Text-to-region grounding data:
++++++++++++++++++++
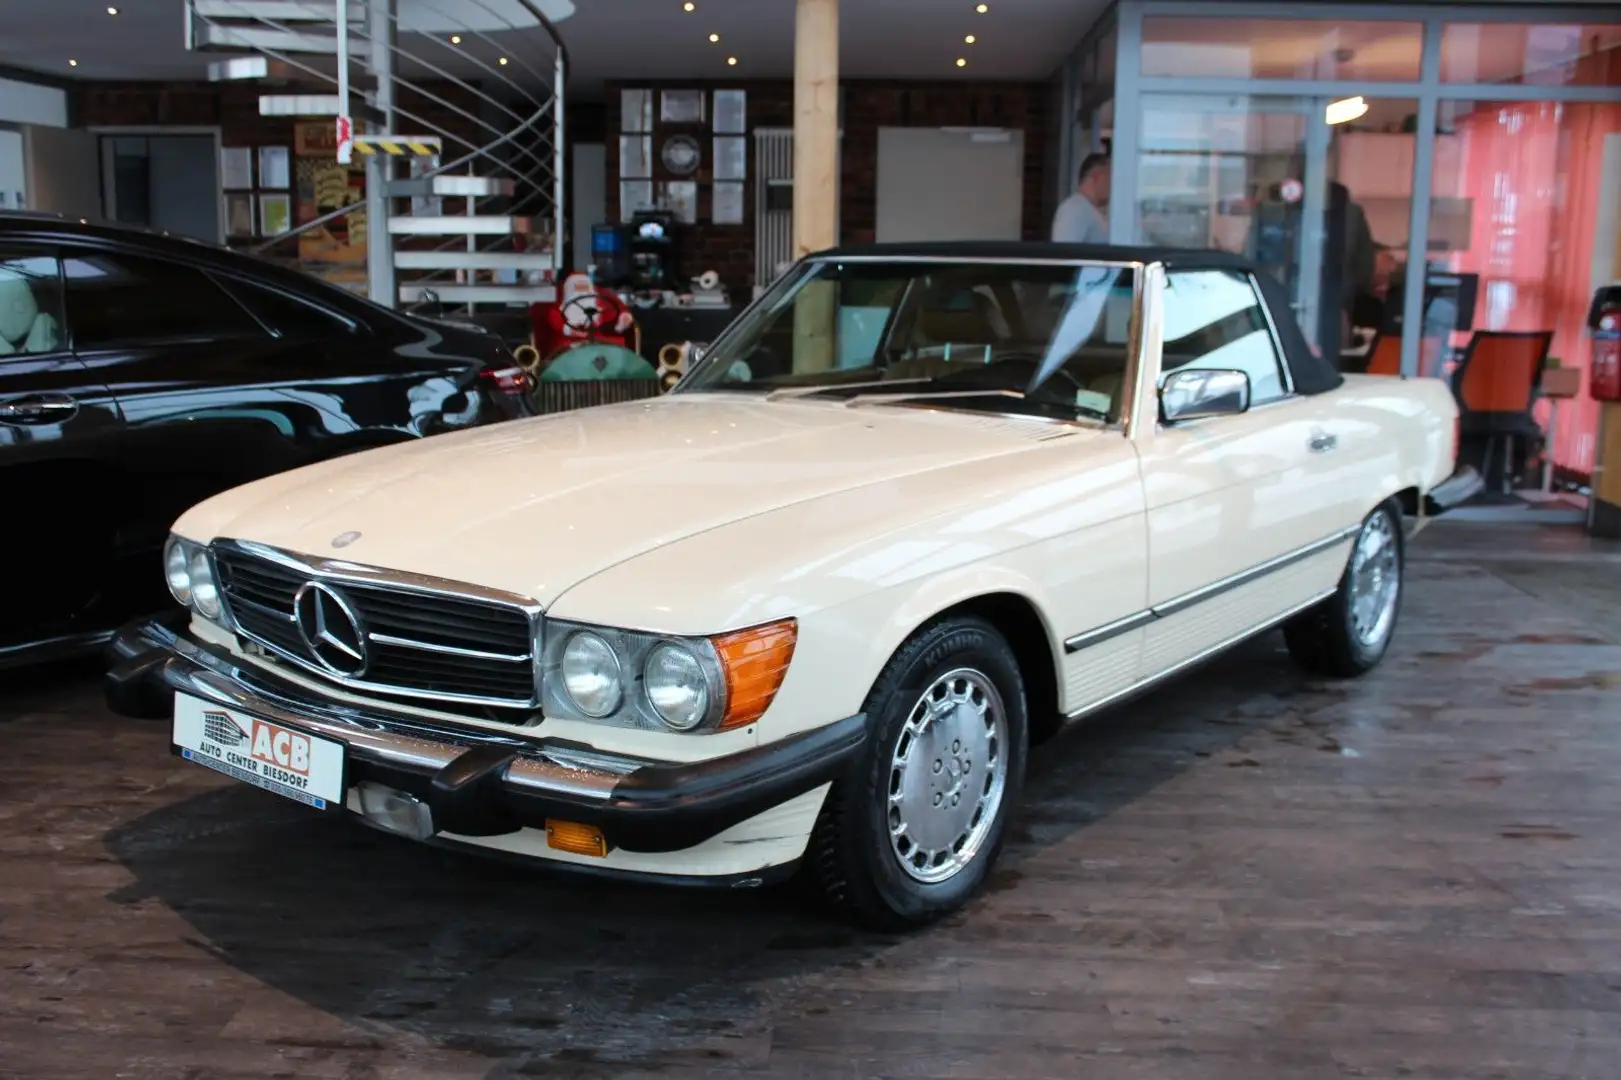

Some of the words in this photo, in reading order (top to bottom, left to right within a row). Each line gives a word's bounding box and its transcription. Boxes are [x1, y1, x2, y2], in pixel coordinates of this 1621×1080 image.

[200, 742, 221, 758] AUTO
[226, 753, 257, 772] CENTER
[263, 765, 308, 789] BIESDORF
[251, 724, 309, 772] ACB
++++++++++++++++++++
— PROBLEM STATEMENT —
Every line above has to be output exactly; the pictures must be dropped.

— RESULT OF THE EXERCISE —
Some of the words in this photo, in reading order (top to bottom, left to right within a row). Each line gives a word's bounding box and its transcription. Boxes are [x1, y1, x2, y2], in pixel coordinates of this 1621×1080 image.

[200, 742, 221, 758] AUTO
[226, 753, 257, 772] CENTER
[263, 765, 308, 789] BIESDORF
[251, 724, 309, 772] ACB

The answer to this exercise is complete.